──────── Provided records
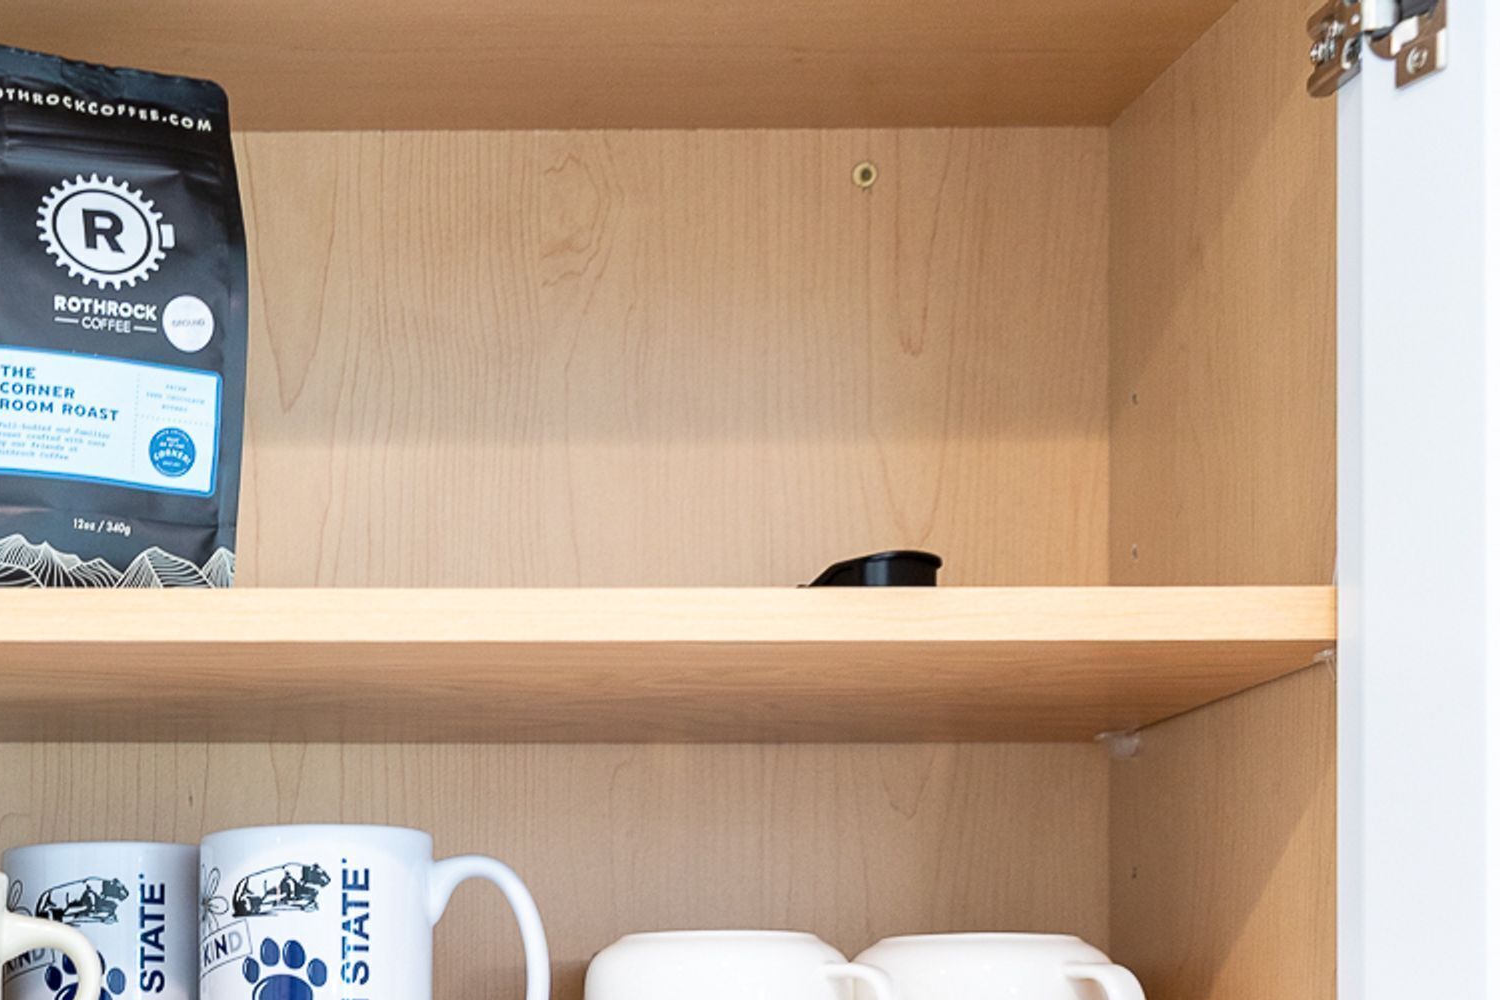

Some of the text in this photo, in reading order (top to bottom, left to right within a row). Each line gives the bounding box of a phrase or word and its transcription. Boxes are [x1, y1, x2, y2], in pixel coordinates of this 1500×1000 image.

[82, 208, 125, 254] R
[53, 294, 157, 321] ROTHROCK
[81, 316, 131, 333] COFFEE
[0, 363, 36, 380] THE
[0, 380, 76, 399] CORNER
[0, 397, 120, 422] ROOM ROAST
[139, 882, 165, 994] STATE
[341, 868, 369, 985] STATE
────────────────
_Exercise details_
When you print the records above, keep them exact and leave out the pictures.

_Task output_
Some of the text in this photo, in reading order (top to bottom, left to right within a row). Each line gives the bounding box of a phrase or word and its transcription. Boxes are [x1, y1, x2, y2], in pixel coordinates of this 1500×1000 image.

[82, 208, 125, 254] R
[53, 294, 157, 321] ROTHROCK
[81, 316, 131, 333] COFFEE
[0, 363, 36, 380] THE
[0, 380, 76, 399] CORNER
[0, 397, 120, 422] ROOM ROAST
[139, 882, 165, 994] STATE
[341, 868, 369, 985] STATE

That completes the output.